#### REQUIREMENT
Give the data below again exactly as written, but without the pictures.

#### DATA TO EXAMINE
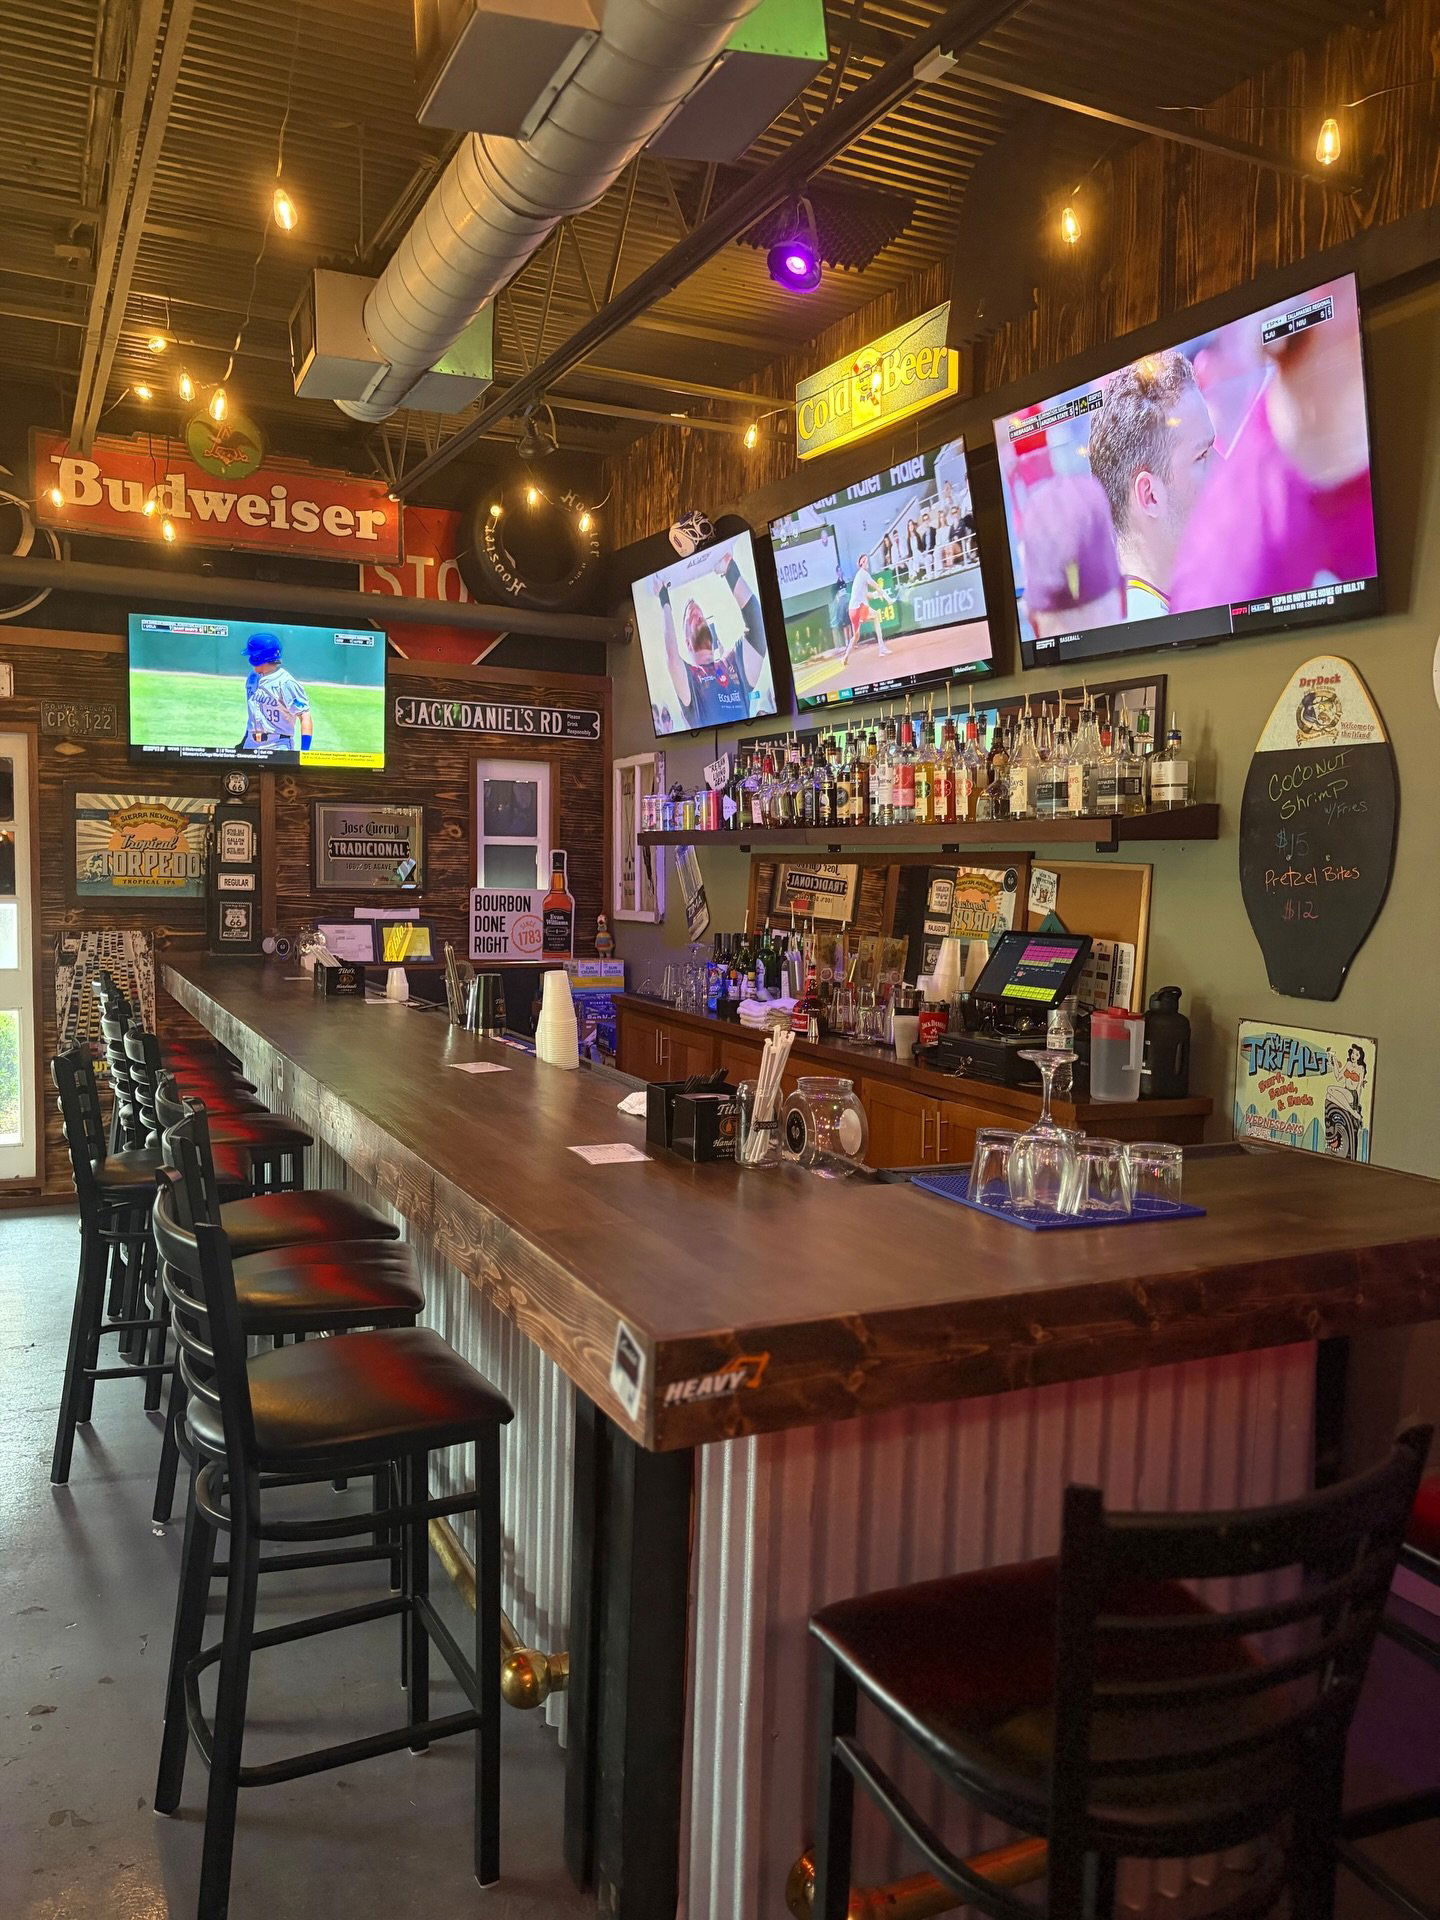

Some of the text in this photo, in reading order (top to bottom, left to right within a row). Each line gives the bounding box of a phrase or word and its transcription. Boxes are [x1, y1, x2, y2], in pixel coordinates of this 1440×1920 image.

[798, 347, 948, 440] Cold Beer
[50, 455, 386, 541] Budweiser
[484, 524, 527, 596] Hoosier
[913, 587, 974, 622] Emirates
[1060, 634, 1081, 643] BASEBALL
[1299, 673, 1341, 688] DryDock
[265, 708, 280, 723] 39
[405, 701, 562, 734] JACK DANIEL'S RD
[567, 729, 591, 737] Responsibly
[1269, 749, 1353, 801] COCONUT
[232, 783, 243, 791] 66
[120, 811, 179, 824] SIERRA NEVADA
[340, 820, 400, 836] Jose Cuervo
[120, 834, 179, 851] Tropical
[333, 842, 406, 857] TRADICIONAL
[97, 850, 201, 878] TORPEDO
[224, 878, 249, 887] REGULAR
[1265, 866, 1360, 890] Pretzel Bites
[474, 894, 531, 912] BOURBON
[230, 919, 242, 927] 66
[474, 915, 506, 933] DONE
[474, 936, 509, 953] RIGHT
[518, 930, 542, 946] 1783
[1266, 1032, 1293, 1053] THE
[1242, 1037, 1328, 1079] TIKI HUT
[1258, 1072, 1285, 1093] Surf,
[1268, 1081, 1298, 1100] Sand,
[1277, 1094, 1314, 1111] & Suds
[1245, 1113, 1305, 1136] WEDNESDAYS
[663, 1365, 748, 1408] HEAVY
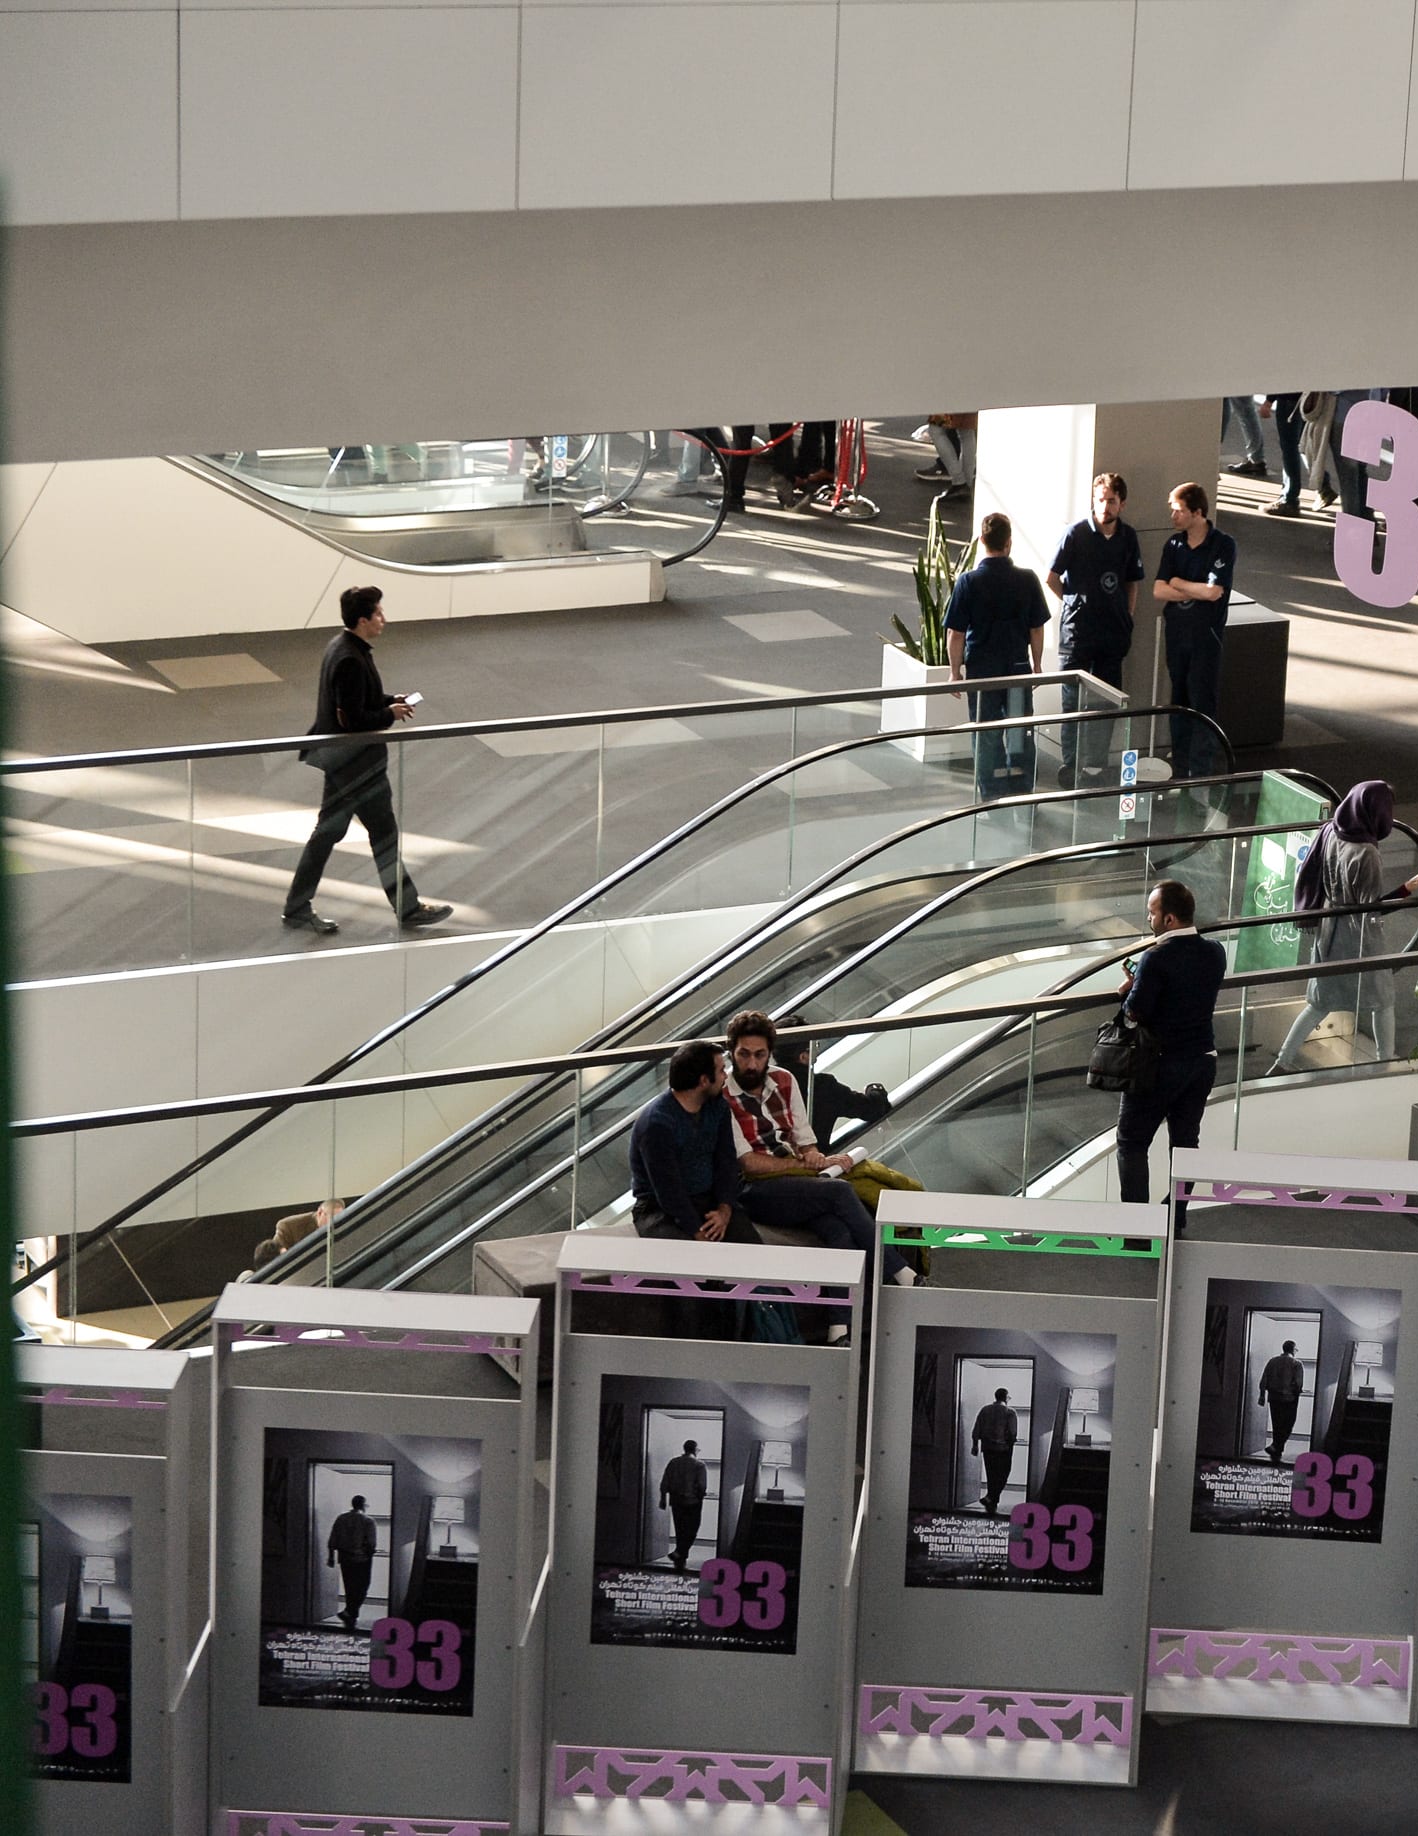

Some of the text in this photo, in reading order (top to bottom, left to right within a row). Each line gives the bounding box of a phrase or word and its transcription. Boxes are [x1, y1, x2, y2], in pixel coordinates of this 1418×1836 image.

[1205, 1481, 1292, 1494] Tehran International
[1292, 1452, 1375, 1520] 33
[1214, 1490, 1291, 1502] Short Film Festival
[919, 1534, 1009, 1546] Tehran International
[1008, 1503, 1095, 1571] 33
[928, 1543, 1008, 1555] Short Film Festival
[605, 1590, 698, 1603] Tehran International
[699, 1558, 787, 1629] 33
[615, 1599, 698, 1612] Short Film Festival
[371, 1618, 461, 1690] 33
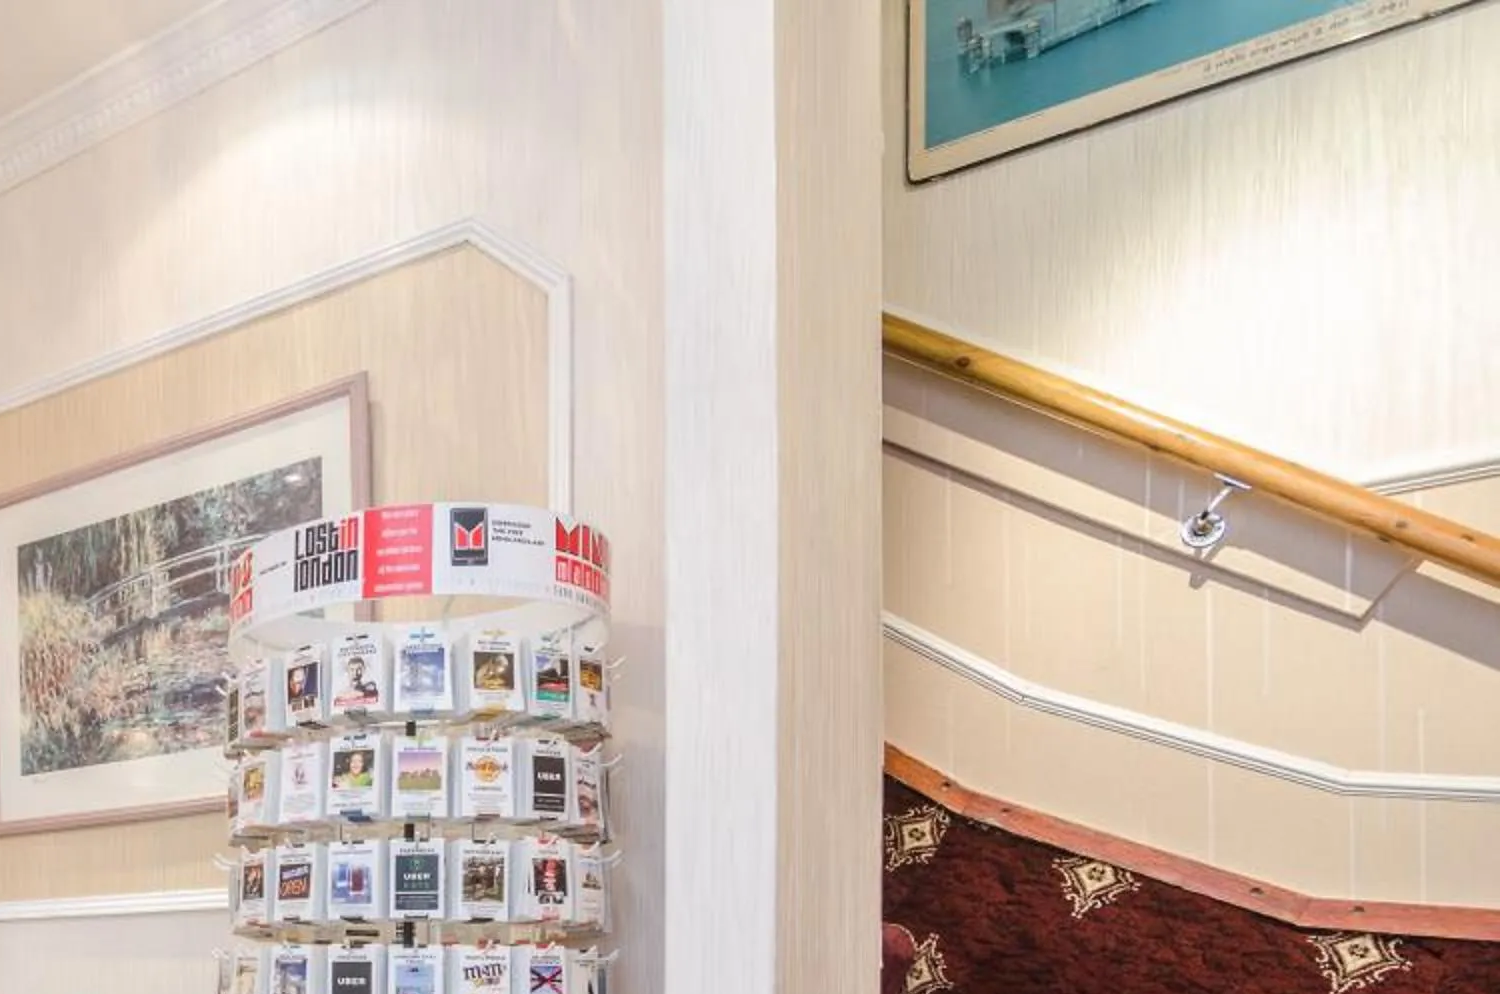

#### WORKED SOLUTION
Some of the text in this photo, in reading order (top to bottom, left to right within a row). Each line gives the bounding box of a phrase or word and its transcription. Boxes are [x1, y1, x2, y2], in pixel coordinates of this 1440×1920 image.

[798, 347, 948, 440] Cold Beer
[50, 455, 386, 541] Budweiser
[484, 524, 527, 596] Hoosier
[913, 587, 974, 622] Emirates
[1060, 634, 1081, 643] BASEBALL
[1299, 673, 1341, 688] DryDock
[265, 708, 280, 723] 39
[405, 701, 562, 734] JACK DANIEL'S RD
[567, 729, 591, 737] Responsibly
[1269, 749, 1353, 801] COCONUT
[232, 783, 243, 791] 66
[120, 811, 179, 824] SIERRA NEVADA
[340, 820, 400, 836] Jose Cuervo
[120, 834, 179, 851] Tropical
[333, 842, 406, 857] TRADICIONAL
[97, 850, 201, 878] TORPEDO
[224, 878, 249, 887] REGULAR
[1265, 866, 1360, 890] Pretzel Bites
[474, 894, 531, 912] BOURBON
[230, 919, 242, 927] 66
[474, 915, 506, 933] DONE
[474, 936, 509, 953] RIGHT
[518, 930, 542, 946] 1783
[1266, 1032, 1293, 1053] THE
[1242, 1037, 1328, 1079] TIKI HUT
[1258, 1072, 1285, 1093] Surf,
[1268, 1081, 1298, 1100] Sand,
[1277, 1094, 1314, 1111] & Suds
[1245, 1113, 1305, 1136] WEDNESDAYS
[663, 1365, 748, 1408] HEAVY

Some of the text in this photo, in reading order (top to bottom, left to right within a row). Each line gives the bounding box of a phrase or word and its transcription. Boxes are [x1, y1, x2, y2], in pixel coordinates of this 1418×1836 image.

[1205, 1481, 1292, 1494] Tehran International
[1292, 1452, 1375, 1520] 33
[1214, 1490, 1291, 1502] Short Film Festival
[919, 1534, 1009, 1546] Tehran International
[1008, 1503, 1095, 1571] 33
[928, 1543, 1008, 1555] Short Film Festival
[605, 1590, 698, 1603] Tehran International
[699, 1558, 787, 1629] 33
[615, 1599, 698, 1612] Short Film Festival
[371, 1618, 461, 1690] 33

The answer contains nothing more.